One hour is 3600 seconds ;-)  So more like 53 minutes.

> > That one is only probably OK.  We usually manage to split a folio before
> > we get to this point, so we should remove it from the deferred list then.
> > You'd need to buy a lottery ticket if you managed to get hwpoison in a
> > folio that was deferred split ...
> 
> OK, but "probably"? Given hwpoison is surely not a hot path, why not just be
> safe and call folio_undo_large_rmappable()?

Yes, I've added it; just commenting on the likelihood of being able to
hit it in testing, even with aggressive error injection.

> >> But taking a step back, I wonder whether the charge() and uncharge() functions
> >> should really be checking to see if the folio is on a deferred split list and if
> >> so, then move the folio to the corect list?
> > 
> > I don't think that's the right thing to do.  All of these places which
> > uncharge a folio are part of the freeing path, so we always want it
> > removed, not moved to a different deferred list.
> 
> Well I'm just thinking about trying to be robust. Clearly you would prefer that
> folio_undo_large_rmappable() has been called before uncharge(), then uncharge()
> notices that there is nothing on the deferred list (and doesn't take the lock).
> But if it's not, is it better to randomly crash (costing best part of a week to
> debug) or move the folio to the right list?
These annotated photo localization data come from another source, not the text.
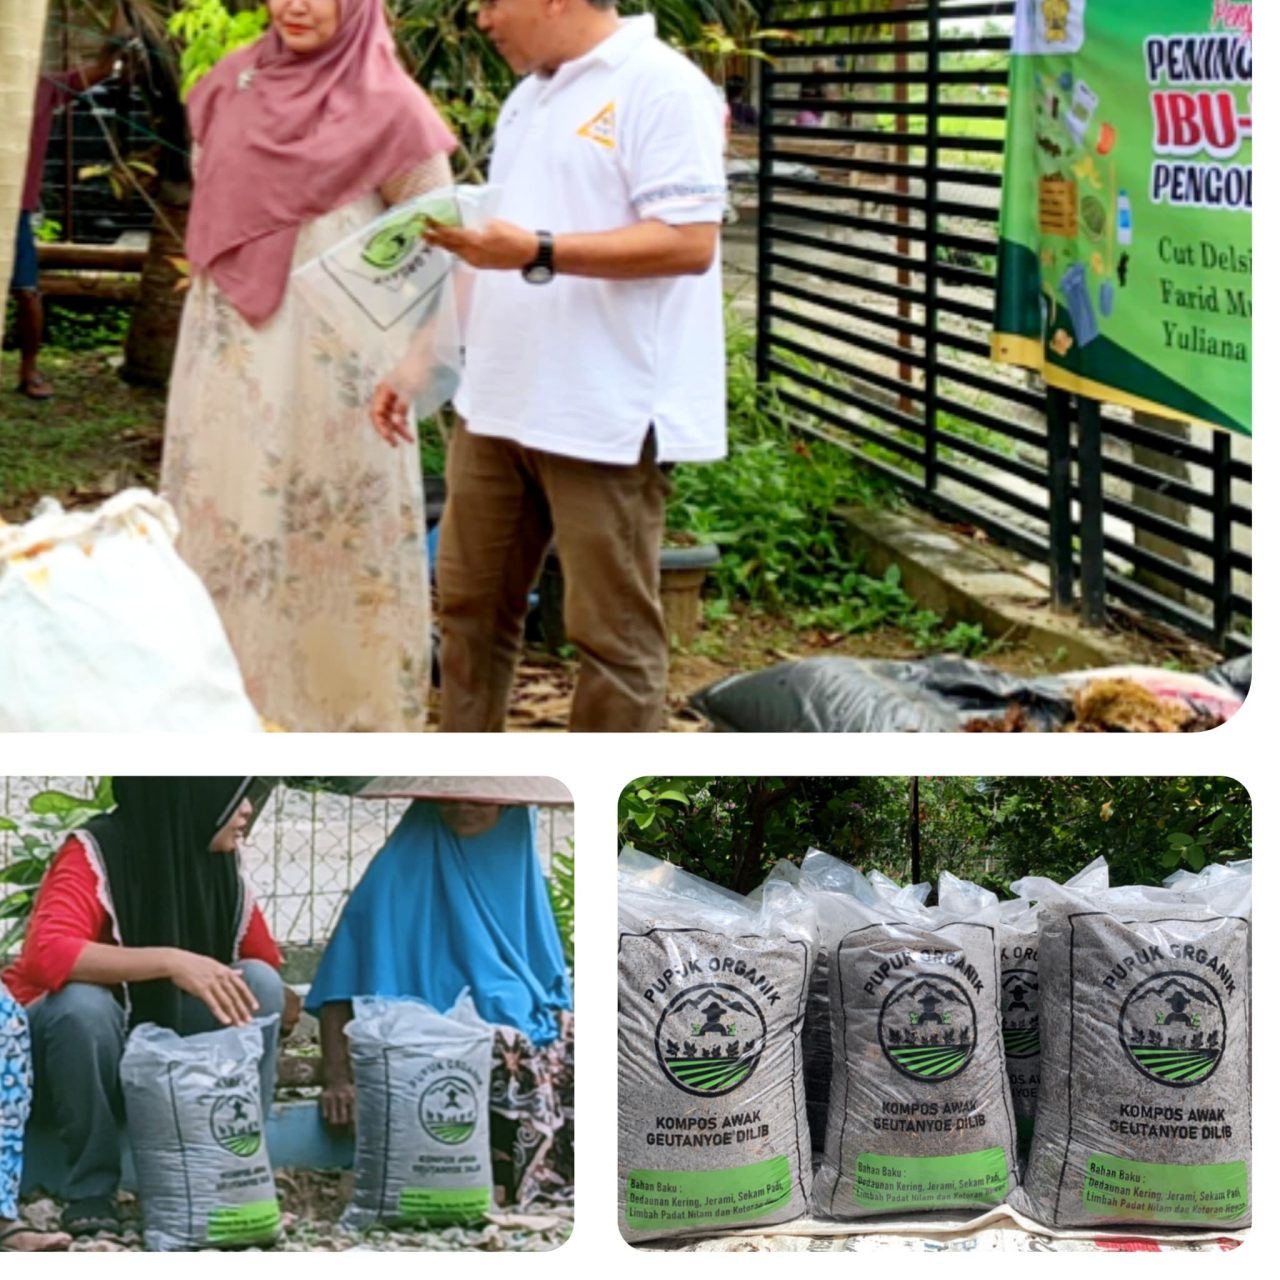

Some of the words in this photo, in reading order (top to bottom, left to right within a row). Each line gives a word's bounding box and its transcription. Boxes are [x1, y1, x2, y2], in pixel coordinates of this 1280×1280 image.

[1158, 235, 1195, 267] Cut
[1160, 277, 1220, 313] Farid
[1162, 320, 1248, 363] Yuliana
[864, 951, 916, 996] PUPUK
[920, 949, 984, 996] ORGANIK
[1103, 946, 1164, 991] PUPUK
[709, 957, 781, 1006] ORGANIK
[882, 1101, 939, 1116] KOMPOS
[942, 1100, 977, 1114] AWAK
[1120, 1104, 1183, 1122] KOMPOS
[1188, 1108, 1226, 1122] AWAK
[656, 1116, 718, 1131] KOMPOS
[722, 1110, 761, 1129] AWAK
[873, 1116, 952, 1132] GEUTANYOE
[956, 1114, 986, 1130] DILIB
[1109, 1120, 1198, 1140] GEUTANYOE
[1202, 1125, 1232, 1140] DILIB
[646, 1131, 732, 1147] GEUTANYOE
[736, 1124, 770, 1144] DILIB
[882, 1166, 902, 1178] Baku
[1090, 1162, 1117, 1178] Bahan
[1119, 1169, 1141, 1183] Baku
[630, 1178, 655, 1192] Bahan
[657, 1181, 677, 1193] Baku
[958, 1177, 984, 1189] Sekam
[1088, 1177, 1131, 1195] Dedaunan
[1167, 1190, 1197, 1203] Jerami,
[1200, 1188, 1225, 1201] Sekam
[630, 1193, 670, 1206] Dedaunan
[704, 1194, 736, 1206] Jerami,
[738, 1188, 765, 1201] Sekam
[886, 1190, 909, 1202] Padat
[936, 1190, 952, 1201] dan
[1086, 1191, 1118, 1207] Limbah
[1120, 1199, 1145, 1211] Padat
[1147, 1202, 1172, 1214] Nilam
[629, 1207, 659, 1220] Limbah
[661, 1208, 686, 1220] Padat
[688, 1207, 713, 1219] Nilam
[715, 1207, 731, 1217] dan
Neither ;-)  The right option is to include the assertion that the
deferred list is empty.  That way we get to see the backtrace of whoever
forgot to take the folio off the deferred list.

> Alternatively, can we refactor so that there aren't 9 separate uncharge() call
> sites. Those sites are all trying to free the folio so is there a way to better
> refactor that into a single place (I guess the argument for the current
> arrangement is reducing the number of times that we have to iterate through the
> batch?). Then we only have to get it right once.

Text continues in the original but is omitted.